Gönüller tutuşur coğrafyalarda...
Ve ben bu defa uzak coğrafyalarda tutuşan gönüllerle gönlümü birleştirmeye gittiğimi biliyorum. Bir davanın inanmışlığı ile iman ile tutuşmuş gönüllere gidiyorum şimdi. Anlamlı yalnızlıkları paylaşmaya. Anlamlı dostlukları yudumlamaya. Aynı soruları, aynı sorgulamaları ve aynı sorunları paylaşmaya. Emanetin ağırlığını, zorluğu, elçilerin sıkıntılarını beraberce anmaya.

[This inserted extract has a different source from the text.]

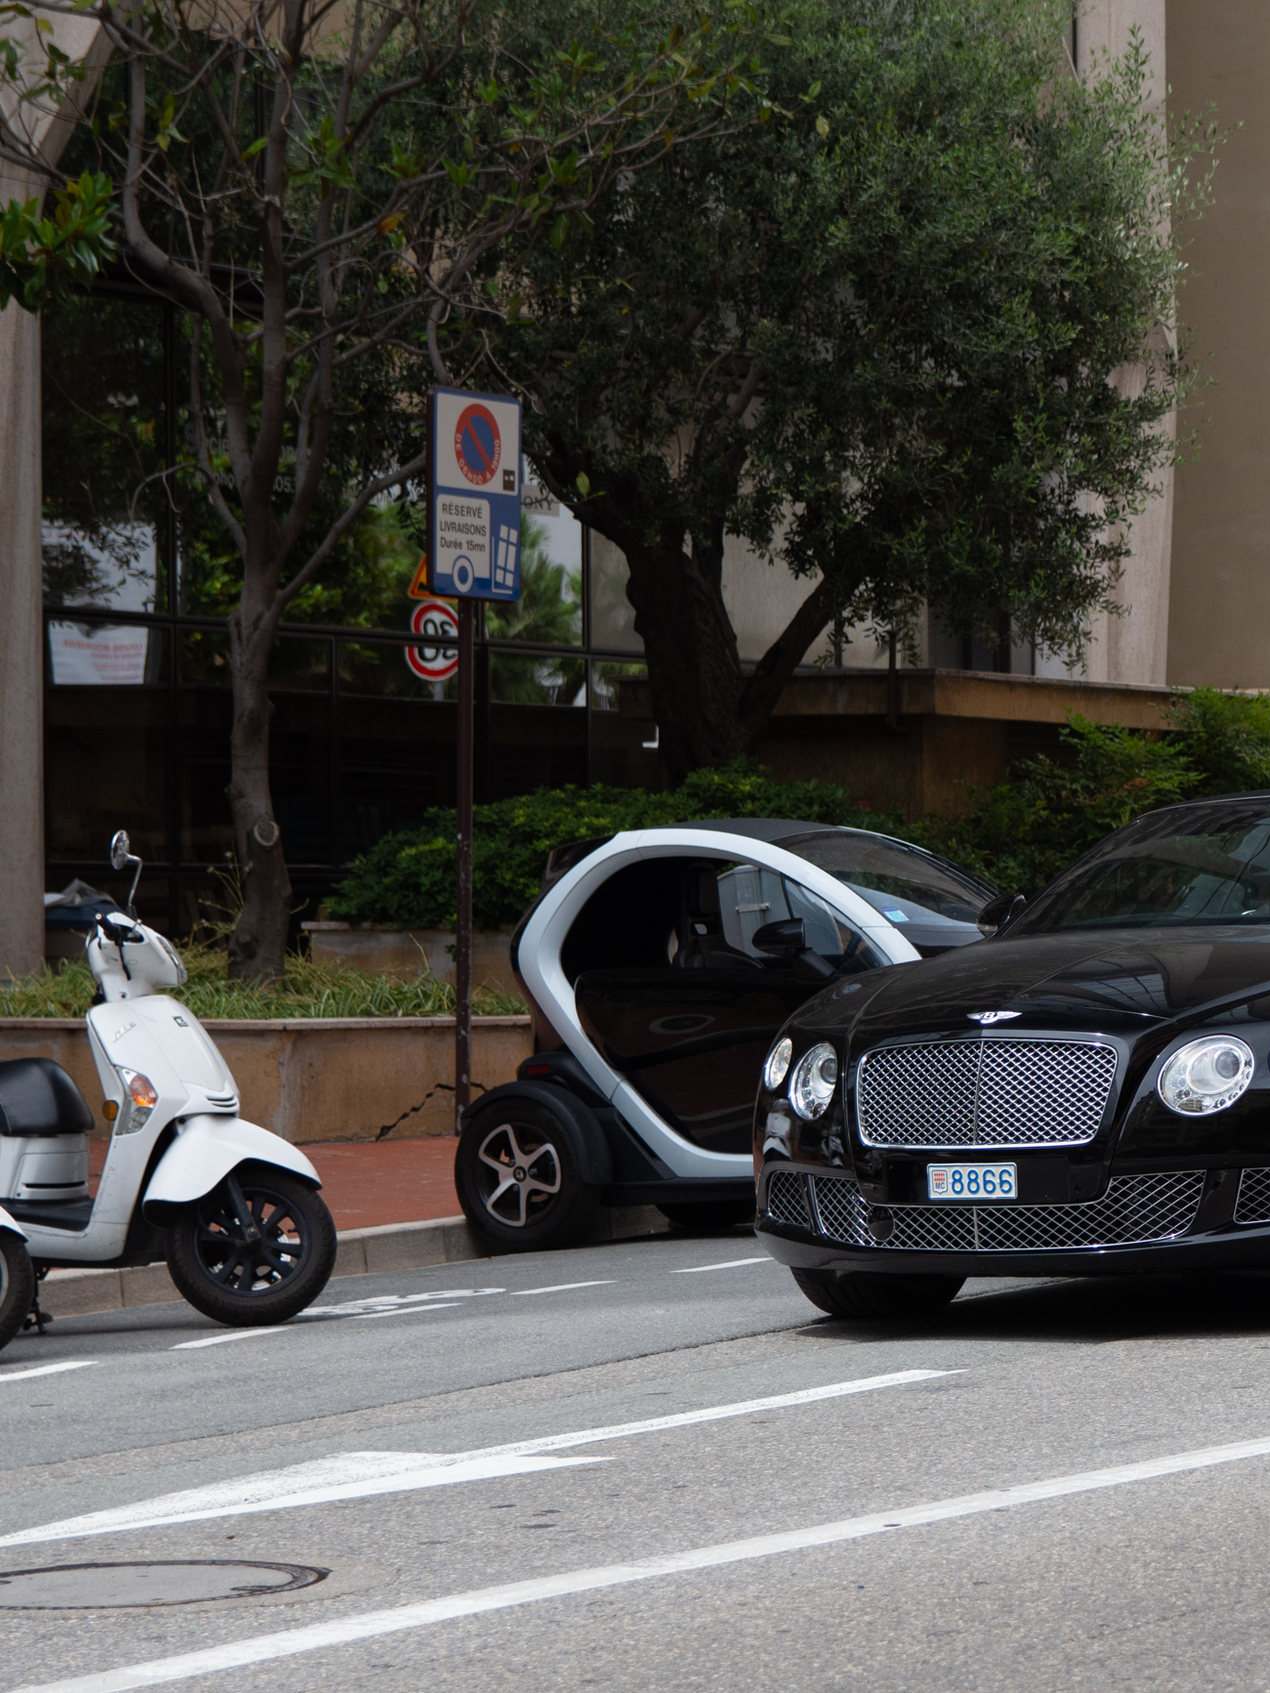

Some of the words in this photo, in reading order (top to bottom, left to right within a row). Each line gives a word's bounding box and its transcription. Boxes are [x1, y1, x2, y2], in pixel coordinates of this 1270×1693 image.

Ilık sesiyle dirilişe çağıran bahar, otobüsün pencerelerinden içeriye dolarken, bu gidiş hiç bitmese diyorum. Bu yolculuk hali hep sürse. O anki yalnızlığımı baharla konuşarak geçiştirmeye koyuluyorum. Bu çiçekler, diyorum, tertemiz, yeni filizlenen fidanlar taptaze. Ama hiçbir fidan, hiçbir çiçek kurulacak dostluklar gibi taze, tertemiz ve umut verici olamaz. İnançla kurulan dostlukların temizliğini hiçbir çiçek yansıtamaz. Şu önümde uzayıp giden geniş yollar, gölgelerle, ağaçlarla bezenmiş yollar. Ama hiçbir yol dava için aşılacak zorlu yollar gibi olamaz. Ki o yollar, o zorluklar kavuşturur asıl varılması gereken yere. Bu defa bahar, yağmuruyla cevap veriyor bana. O kadar güzel ki, bundan daha güzelinin varlığını bilmesi ne mümkün! Oysa hiçbir yağmur göz pınarlarımdan yüreğime boşalan sağanaklar kadar güzel ve diriltici olamaz. Ve hiçbir toprak yüreğim kadar münbit. Yağmurun ardından tüm parlaklığıyla çıkıveren güneş beni ısıtacağını sanıyor. Oysa coğrafya tanımayan bir yangının bizi zaten kor etmişliğini bilmesi ne mümkün! Ve teslim oluyor bahar, muştuma muştusunu emanet bırakarak...
Yol devam ediyor...
Geçtiğim şehirlerin, kasabaların isimlerine, nüfuslarına bakmıyorum. Tabelalar, harita parçaları ilgilendirmiyor beni. İnsanlara bakıyorum sadece. Ve soru işaretleri yine üşüşüyorlar başıma. Bu insanlar ne için koşuyorlar, ne için kazanıyorlar, ne için harcıyorlar ve ne için çekiyorlar bunca sıkıntıyı. Tattıkları mutluluklar nereye kadar? Hayata anlam veren şeyin yalnız ve yalnız iman olduğunu, yalın gerçeğe teslimiyet olduğunu neden kabullenmiyorlar? Sonra bu tabloya da anlam katan bir şeylerin varlığını düşünmeye başlıyorum. Acaba diyorum, buraların kaç karış toprağı gerçek mü'minlerin alınlarını öpüyor her gün? Kaç muvahhidin sığmağı bu binalar. Bu evlerin kaçı mücahidler doğsun diye kurulmuş ve kaçı içinde tekbirler telaffuz etmeye çalışan çocukların sesleriyle şenleniyor. İşte bunlar anlamlandırıyorlardı yine gördüklerimi. Diğerleri ise, insanlar, taşıtlar, koşmalar, telaşlar... Onların hepsi hiçliklerinin farkına varmaksızın oyun ve eğlenceye devam ediyorlar...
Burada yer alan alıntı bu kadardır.